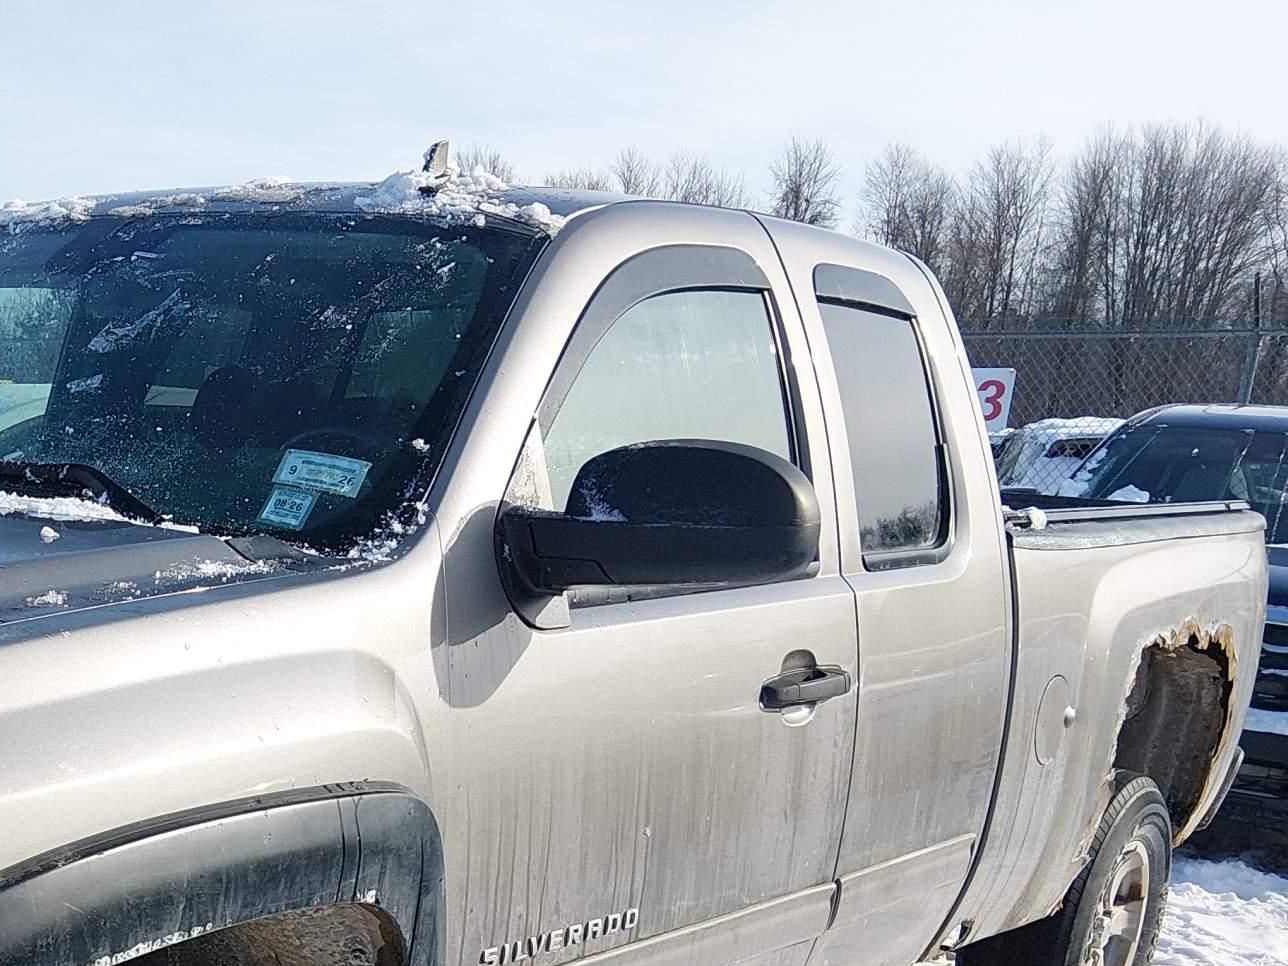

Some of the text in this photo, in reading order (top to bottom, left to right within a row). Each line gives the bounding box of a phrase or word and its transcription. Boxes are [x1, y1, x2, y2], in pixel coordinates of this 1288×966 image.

[977, 379, 1006, 421] 3
[289, 465, 298, 475] 9
[337, 475, 356, 487] 26
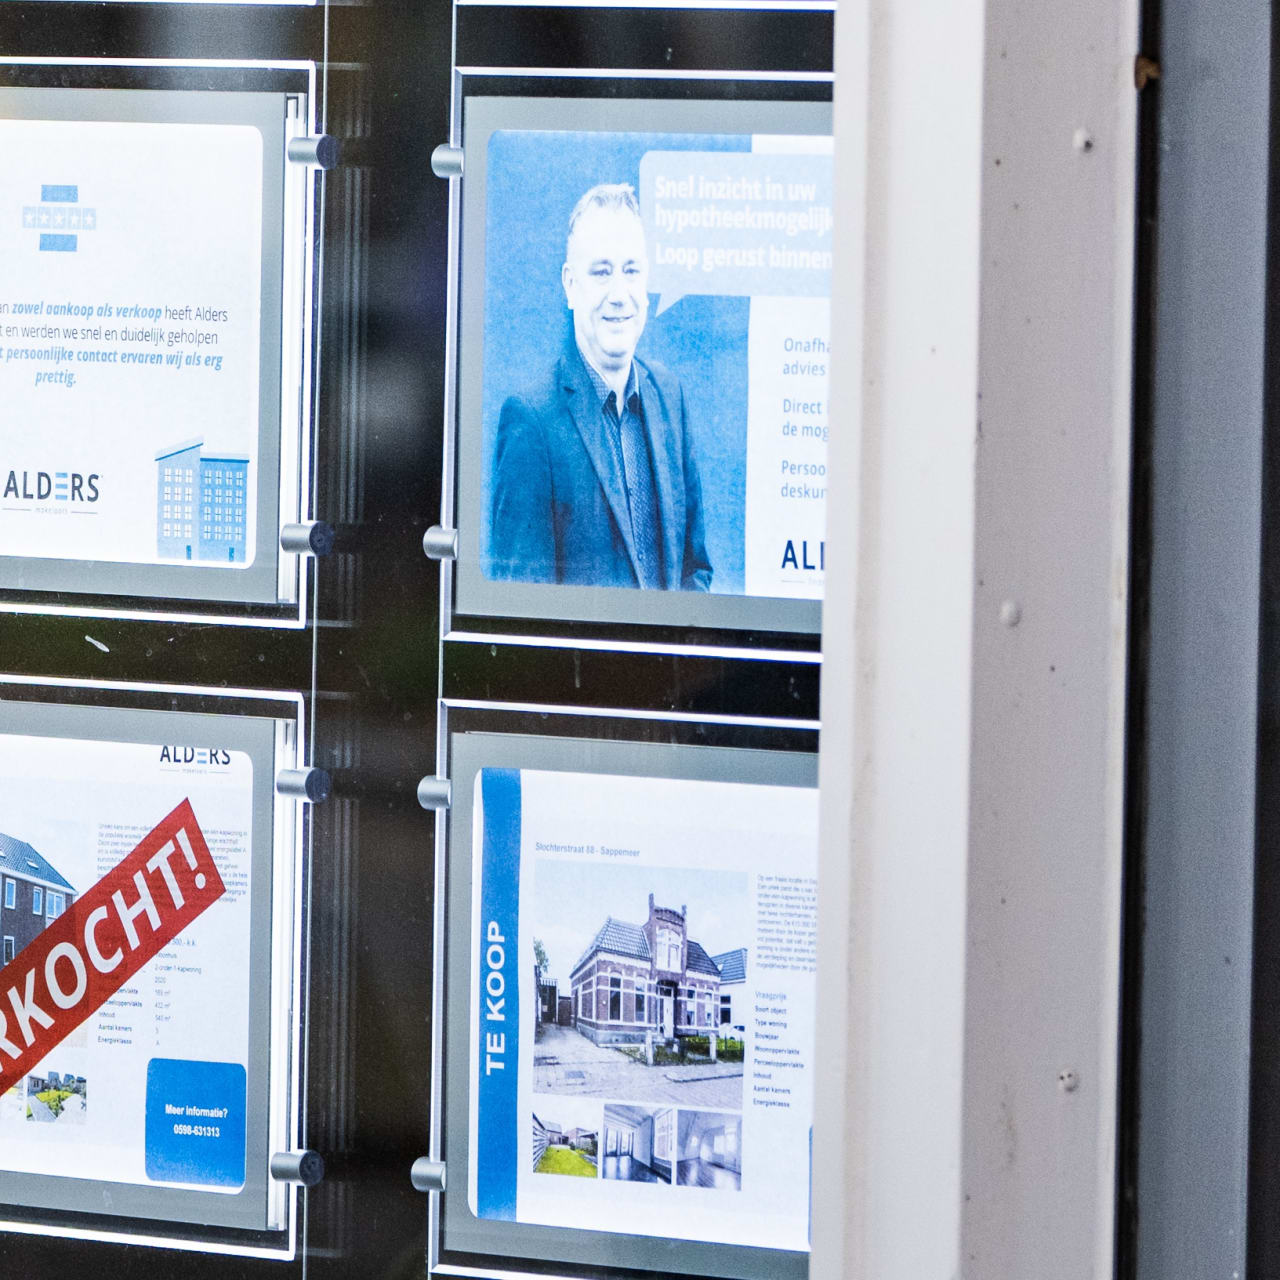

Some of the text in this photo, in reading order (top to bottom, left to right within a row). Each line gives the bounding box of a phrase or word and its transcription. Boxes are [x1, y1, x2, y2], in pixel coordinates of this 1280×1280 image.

[655, 175, 817, 201] Snel inzicht in uw
[655, 242, 699, 272] Loop
[701, 245, 766, 273] gerust
[11, 300, 44, 315] zowel
[46, 301, 94, 320] aankoop
[96, 302, 113, 317] als
[116, 304, 162, 323] verkoop
[165, 305, 192, 321] heeft
[194, 306, 228, 322] Alders
[5, 325, 19, 337] en
[21, 323, 61, 339] werden
[63, 327, 78, 340] we
[80, 325, 102, 340] snel
[104, 329, 118, 341] en
[120, 326, 165, 346] duidelijk
[168, 328, 218, 348] geholpen
[6, 346, 74, 365] persoonlijke
[76, 349, 118, 363] contact
[120, 351, 163, 365] ervaren
[165, 351, 183, 369] wij
[185, 351, 201, 366] als
[204, 354, 223, 371] erg
[783, 360, 826, 376] advies
[34, 368, 77, 387] prettig.
[783, 398, 822, 415] Direct
[782, 420, 797, 436] de
[3, 470, 100, 503] ALDERS
[159, 745, 231, 766] ALDERS
[600, 846, 641, 857] Sappemeer
[485, 920, 506, 1076] TE KOOP
[165, 1103, 228, 1119] Meer informatie?
[173, 1123, 220, 1138] 0598-631313
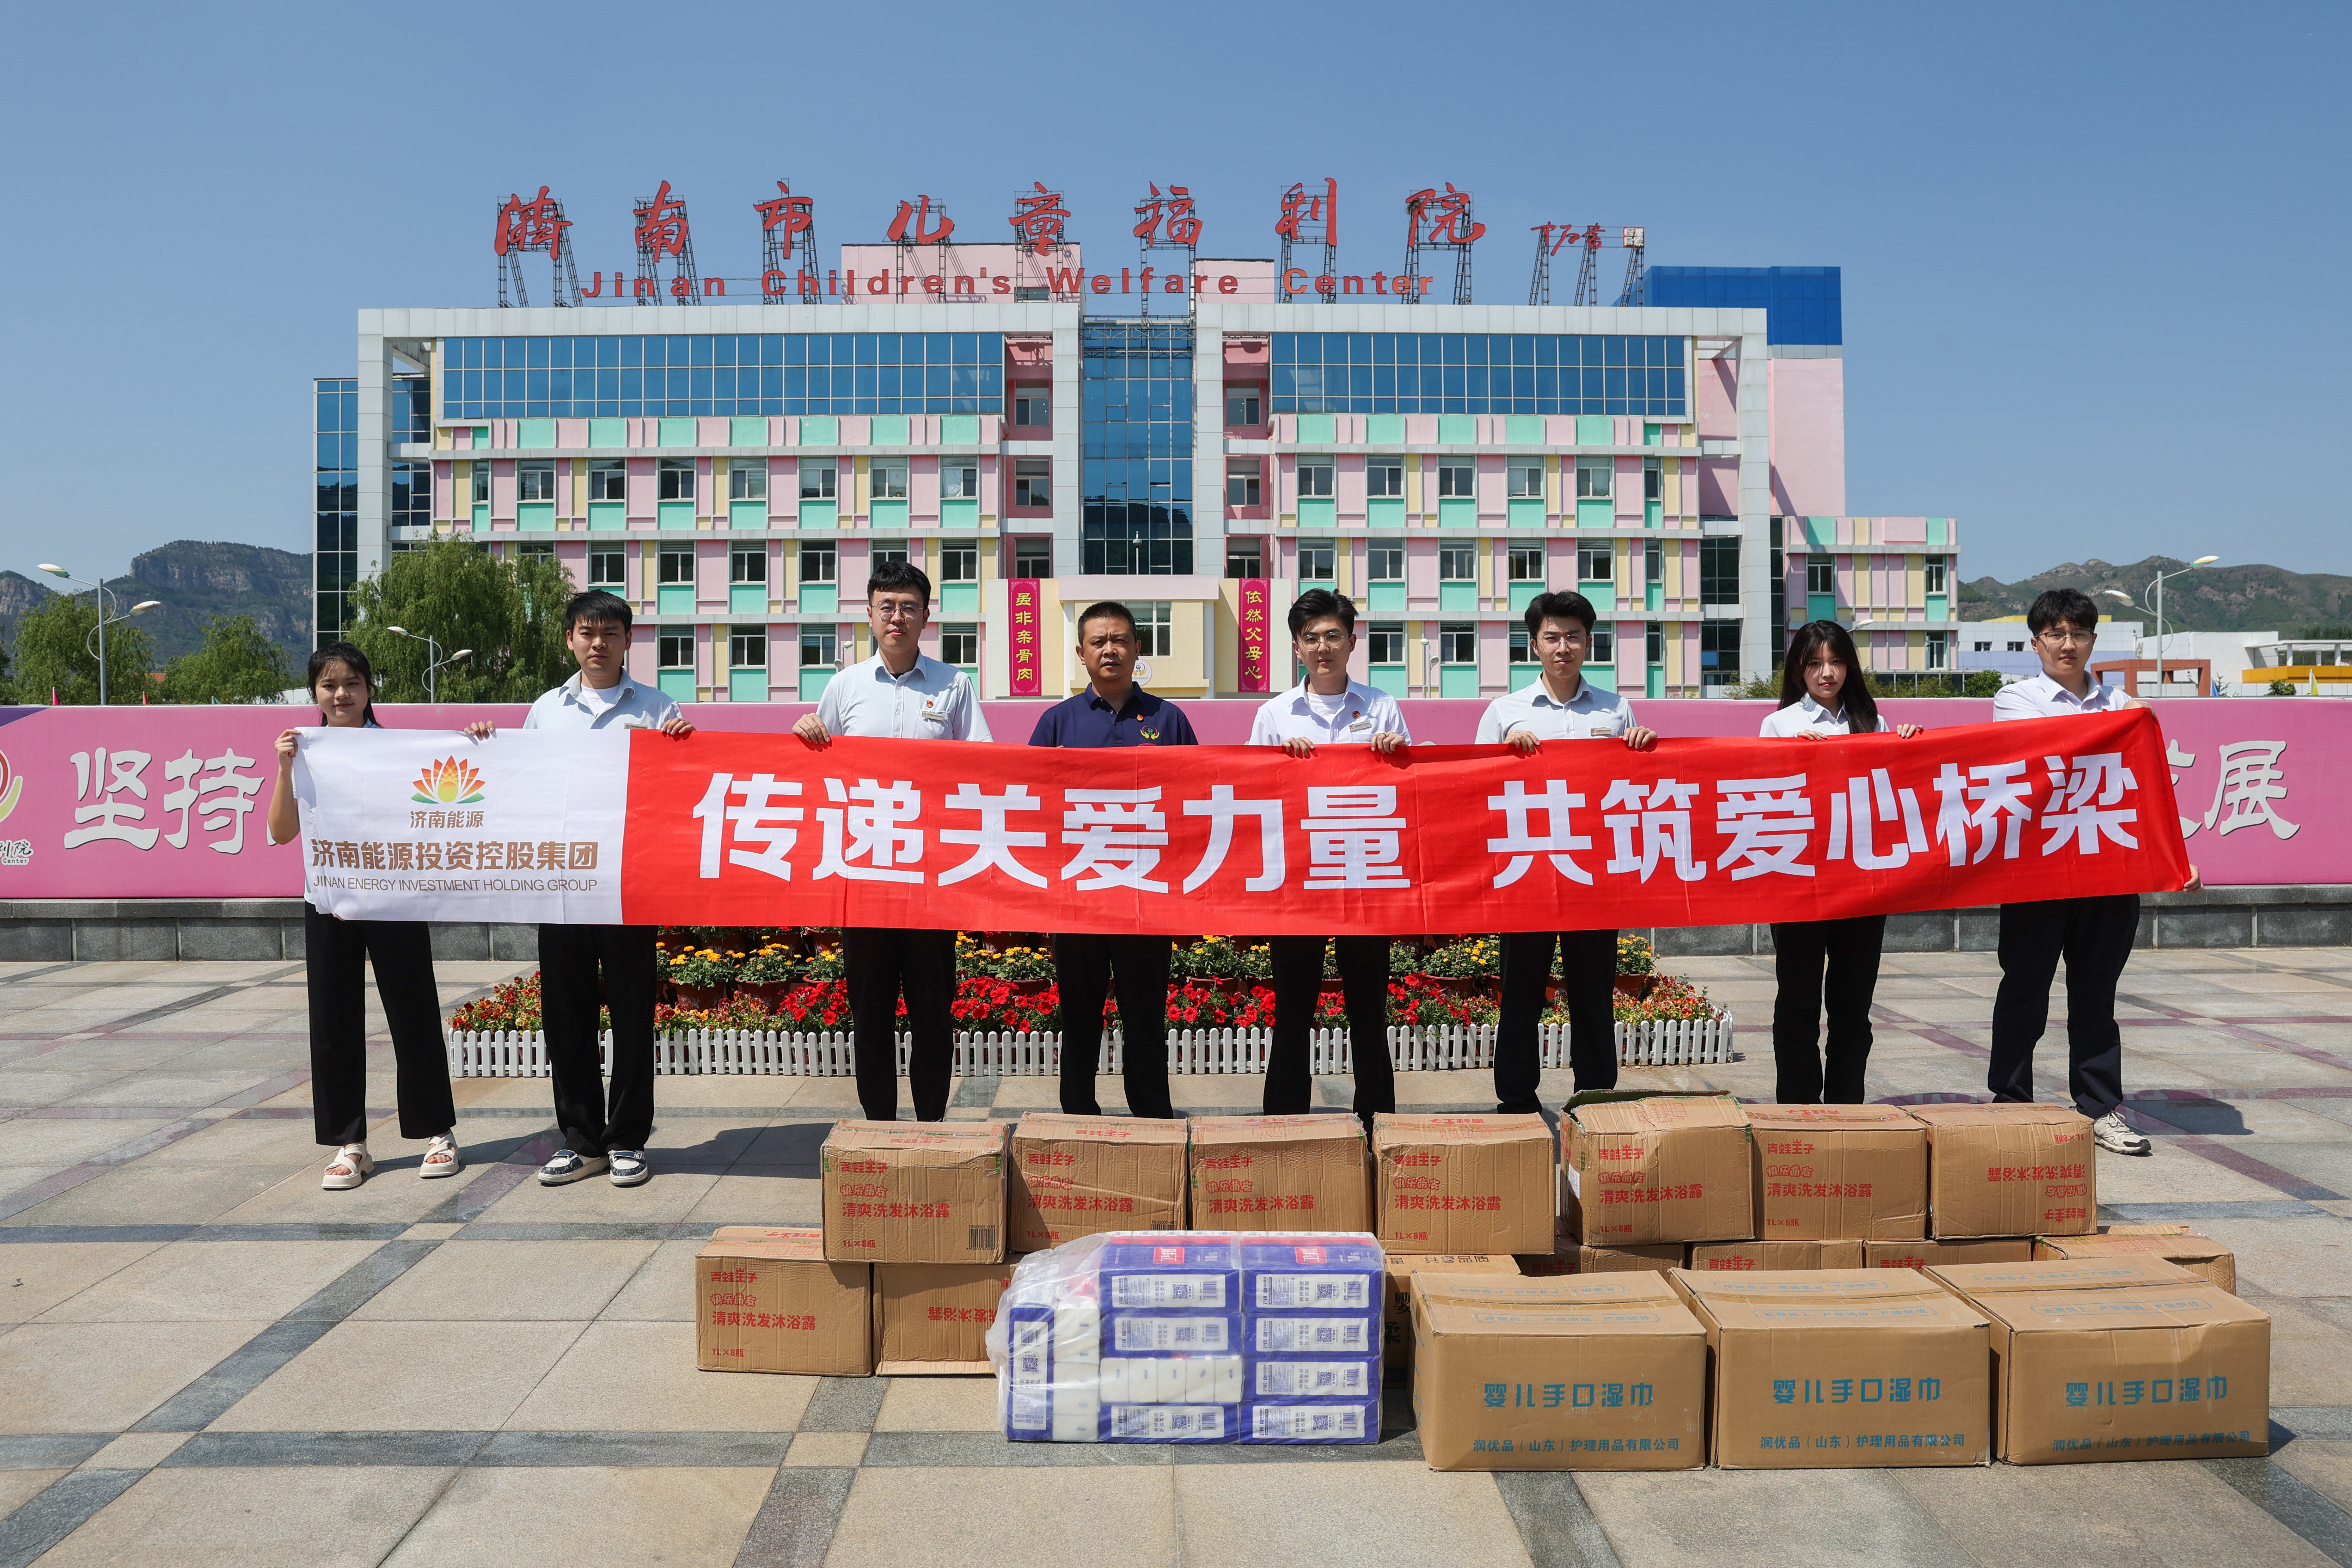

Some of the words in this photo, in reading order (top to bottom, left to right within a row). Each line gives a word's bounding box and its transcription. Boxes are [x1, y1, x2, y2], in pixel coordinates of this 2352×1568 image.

[581, 272, 725, 297] Jinan
[762, 267, 1011, 295] Children's
[1045, 267, 1238, 294] Welfare
[1284, 268, 1433, 294] Center
[1016, 592, 1033, 681] 虽非亲骨肉
[1245, 591, 1264, 680] 依然父母心
[64, 747, 277, 854] 坚持
[410, 810, 484, 829] 济南能源
[692, 772, 1410, 895] 传递关爱力量
[1486, 750, 2139, 890] 共筑爱心桥梁
[311, 838, 598, 871] 济南能源投资控股集团
[314, 876, 345, 889] JINAN
[348, 878, 396, 891] ENERGY
[400, 879, 481, 891] INVESTMENT
[484, 879, 545, 891] HOLDING
[548, 879, 597, 891] GROUP
[1599, 1148, 1644, 1161] 青蛙王子
[1767, 1143, 1814, 1155] 青蛙王子
[1028, 1154, 1075, 1166] 青蛙王子
[1206, 1158, 1253, 1169] 青蛙王子
[1394, 1155, 1441, 1167] 青蛙王子
[841, 1162, 888, 1174] 青蛙王子
[1766, 1164, 1813, 1178] 快乐萌友
[1988, 1167, 2086, 1182] 清爽洗发沐浴露
[1026, 1176, 1073, 1190] 快乐萌友
[1393, 1177, 1440, 1190] 快乐萌友
[1598, 1171, 1645, 1184] 快乐萌友
[840, 1184, 888, 1198] 快乐萌友
[1206, 1179, 1253, 1194] 快乐萌友
[1767, 1183, 1872, 1197] 清爽洗发沐浴露
[1600, 1184, 1703, 1204] 清爽洗发沐浴露
[1028, 1194, 1133, 1213] 清爽洗发沐浴露
[1209, 1195, 1314, 1213] 清爽洗发沐浴露
[1394, 1195, 1501, 1211] 清爽洗发沐浴露
[842, 1203, 950, 1219] 清爽洗发沐浴露
[2044, 1207, 2086, 1219] 青蛙王子
[1160, 1248, 1177, 1262] 卫邦
[1302, 1249, 1320, 1262] 卫邦
[1424, 1255, 1490, 1264] 共享品质
[1531, 1263, 1577, 1274] 青蛙王子
[1709, 1259, 1755, 1270] 青蛙王子
[1880, 1259, 1926, 1269] 青蛙王子
[710, 1272, 758, 1283] 青蛙王子
[710, 1293, 756, 1307] 快乐萌友
[712, 1311, 816, 1331] 清爽洗发沐浴露
[1484, 1382, 1653, 1408] 婴儿手口湿巾
[1773, 1377, 1940, 1404] 婴儿手口湿巾
[2066, 1376, 2227, 1407] 婴儿手口湿巾
————
Exact copies of the line containing "Some of the words" and of every line after it through the end of the entries are all that should be output.

Output of the task >>
Some of the words in this photo, in reading order (top to bottom, left to right within a row). Each line gives a word's bounding box and its transcription. Boxes are [x1, y1, x2, y2], in pixel coordinates of this 2352×1568 image.

[581, 272, 725, 297] Jinan
[762, 267, 1011, 295] Children's
[1045, 267, 1238, 294] Welfare
[1284, 268, 1433, 294] Center
[1016, 592, 1033, 681] 虽非亲骨肉
[1245, 591, 1264, 680] 依然父母心
[64, 747, 277, 854] 坚持
[410, 810, 484, 829] 济南能源
[692, 772, 1410, 895] 传递关爱力量
[1486, 750, 2139, 890] 共筑爱心桥梁
[311, 838, 598, 871] 济南能源投资控股集团
[314, 876, 345, 889] JINAN
[348, 878, 396, 891] ENERGY
[400, 879, 481, 891] INVESTMENT
[484, 879, 545, 891] HOLDING
[548, 879, 597, 891] GROUP
[1599, 1148, 1644, 1161] 青蛙王子
[1767, 1143, 1814, 1155] 青蛙王子
[1028, 1154, 1075, 1166] 青蛙王子
[1206, 1158, 1253, 1169] 青蛙王子
[1394, 1155, 1441, 1167] 青蛙王子
[841, 1162, 888, 1174] 青蛙王子
[1766, 1164, 1813, 1178] 快乐萌友
[1988, 1167, 2086, 1182] 清爽洗发沐浴露
[1026, 1176, 1073, 1190] 快乐萌友
[1393, 1177, 1440, 1190] 快乐萌友
[1598, 1171, 1645, 1184] 快乐萌友
[840, 1184, 888, 1198] 快乐萌友
[1206, 1179, 1253, 1194] 快乐萌友
[1767, 1183, 1872, 1197] 清爽洗发沐浴露
[1600, 1184, 1703, 1204] 清爽洗发沐浴露
[1028, 1194, 1133, 1213] 清爽洗发沐浴露
[1209, 1195, 1314, 1213] 清爽洗发沐浴露
[1394, 1195, 1501, 1211] 清爽洗发沐浴露
[842, 1203, 950, 1219] 清爽洗发沐浴露
[2044, 1207, 2086, 1219] 青蛙王子
[1160, 1248, 1177, 1262] 卫邦
[1302, 1249, 1320, 1262] 卫邦
[1424, 1255, 1490, 1264] 共享品质
[1531, 1263, 1577, 1274] 青蛙王子
[1709, 1259, 1755, 1270] 青蛙王子
[1880, 1259, 1926, 1269] 青蛙王子
[710, 1272, 758, 1283] 青蛙王子
[710, 1293, 756, 1307] 快乐萌友
[712, 1311, 816, 1331] 清爽洗发沐浴露
[1484, 1382, 1653, 1408] 婴儿手口湿巾
[1773, 1377, 1940, 1404] 婴儿手口湿巾
[2066, 1376, 2227, 1407] 婴儿手口湿巾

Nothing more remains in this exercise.